Role of Glutaraldehyde in Calcification of Porcine Aortic Valve Fibroblasts

Glutaraldehyde-treated porcine aortic valve xenografts frequently fail due to calcification. Calcification in the prostheses begins intracellularly. In a previous study, various types of cell injury to canine valvular fibroblasts, including glutaraldehyde treatment, led to calcification. An influx of extracellular Ca 2+ into the phosphate-rich cytosol was theorized to be the mechanism of calcification. To test the Ca 2+ influx theory, cytosolic Ca 2+ and P i concentrations were assessed in glutaraldehyde-treated porcine aortic valve fibroblasts, and their relationship to a subsequent calcification was studied.
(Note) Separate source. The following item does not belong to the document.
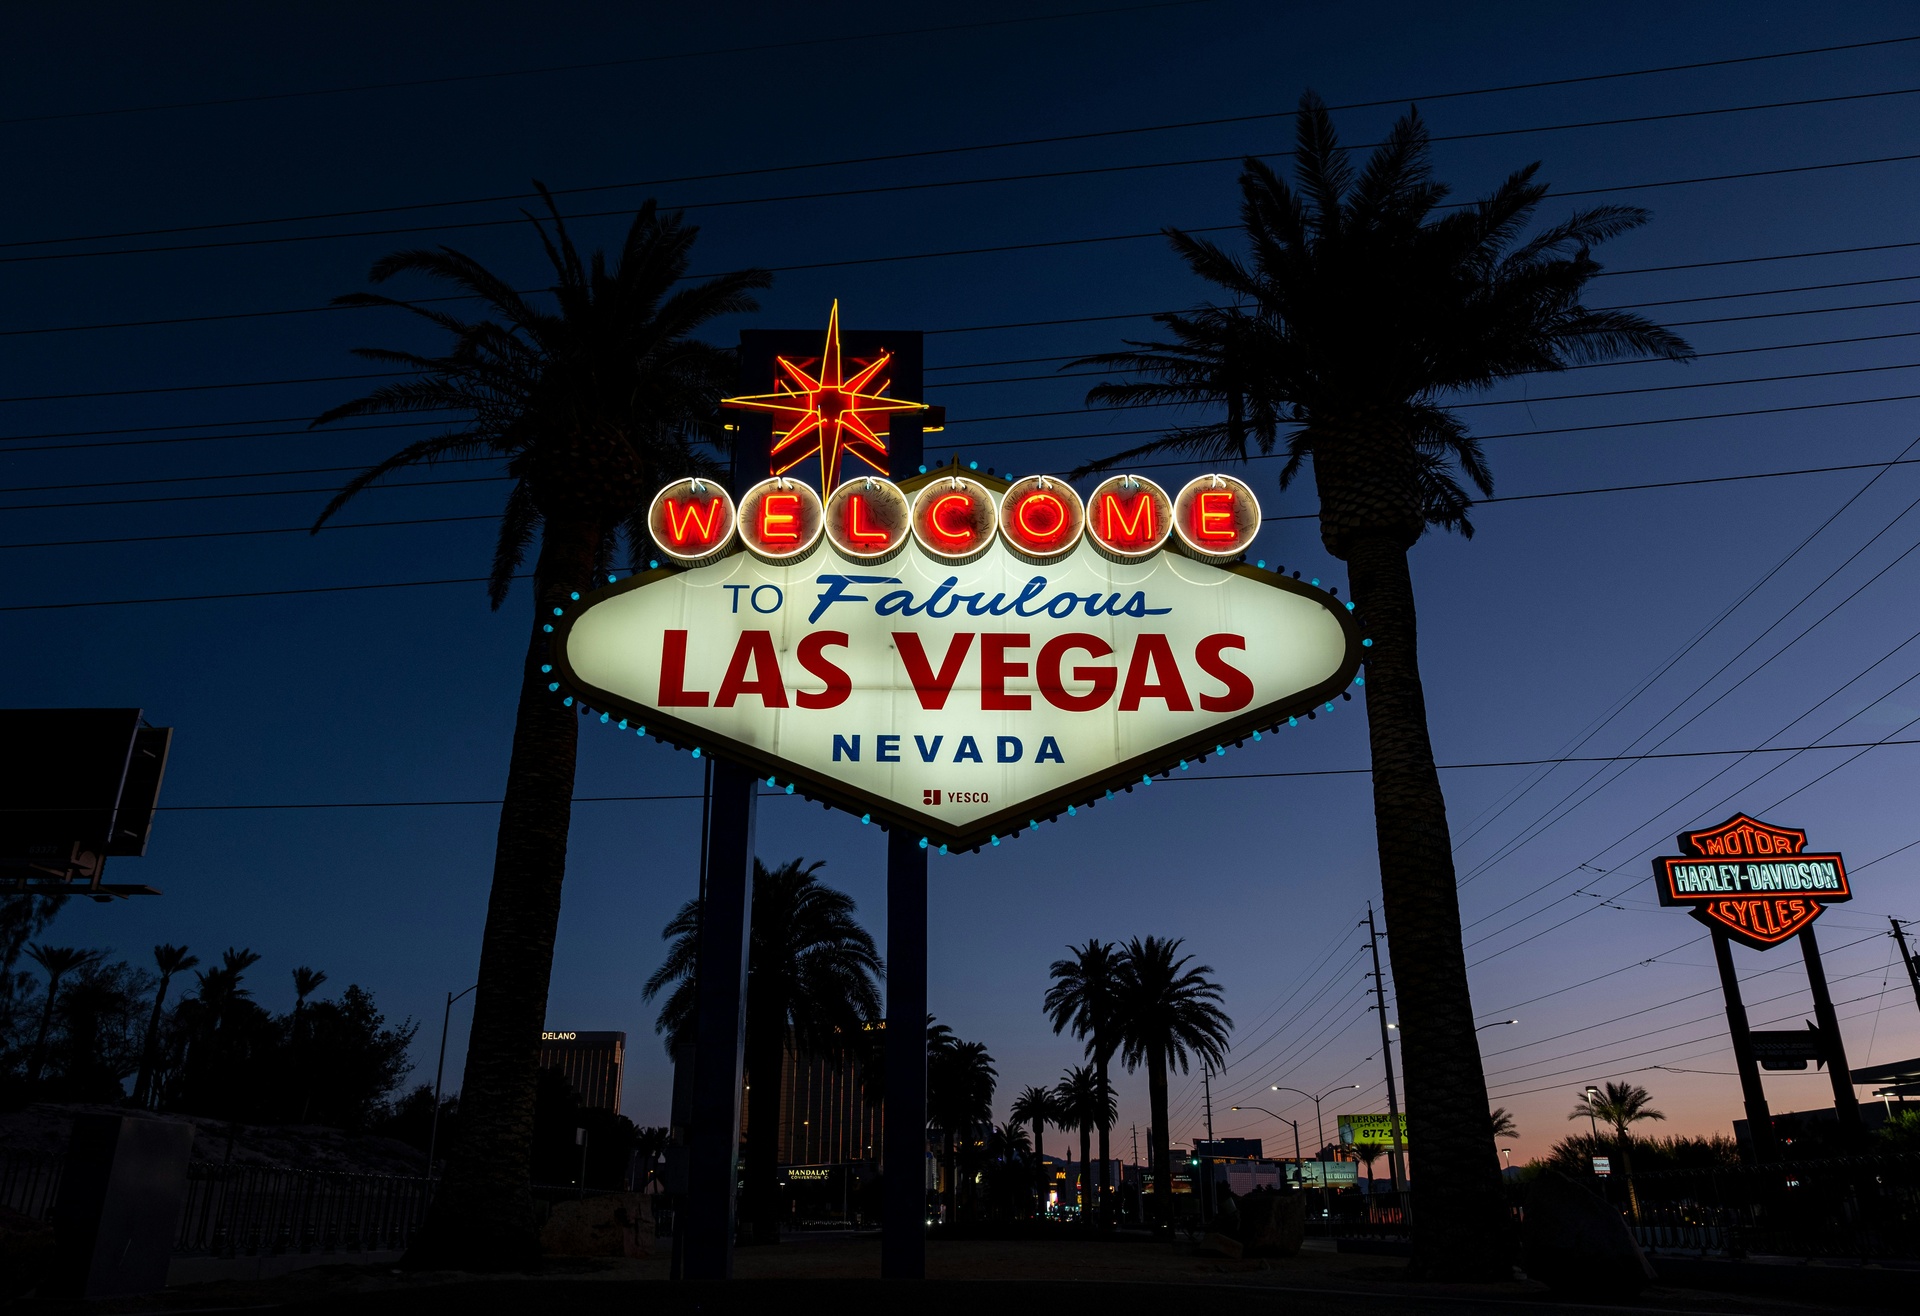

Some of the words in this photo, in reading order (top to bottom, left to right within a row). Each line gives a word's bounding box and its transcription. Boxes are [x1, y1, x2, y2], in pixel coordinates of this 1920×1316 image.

Glutaraldehyde caused an immediate and sustained massive cytosolic Ca 2+ increase that was dose dependent and a several-fold increase in P i. Calcification of cells followed within a week. The earliest calcification was observed in blebs formed on glutaraldehyde-treated cells. Live control cells or cells fixed with glutaraldehyde in Ca 2+-free solution did not calcify under the same conditions. Concomitant increases in Ca 2+ and P i in glutaraldehyde-treated cells appear to underlie the mechanism of calcification, and the presence of extracellular Ca 2+ during glutaraldehyde fixation promotes calcification.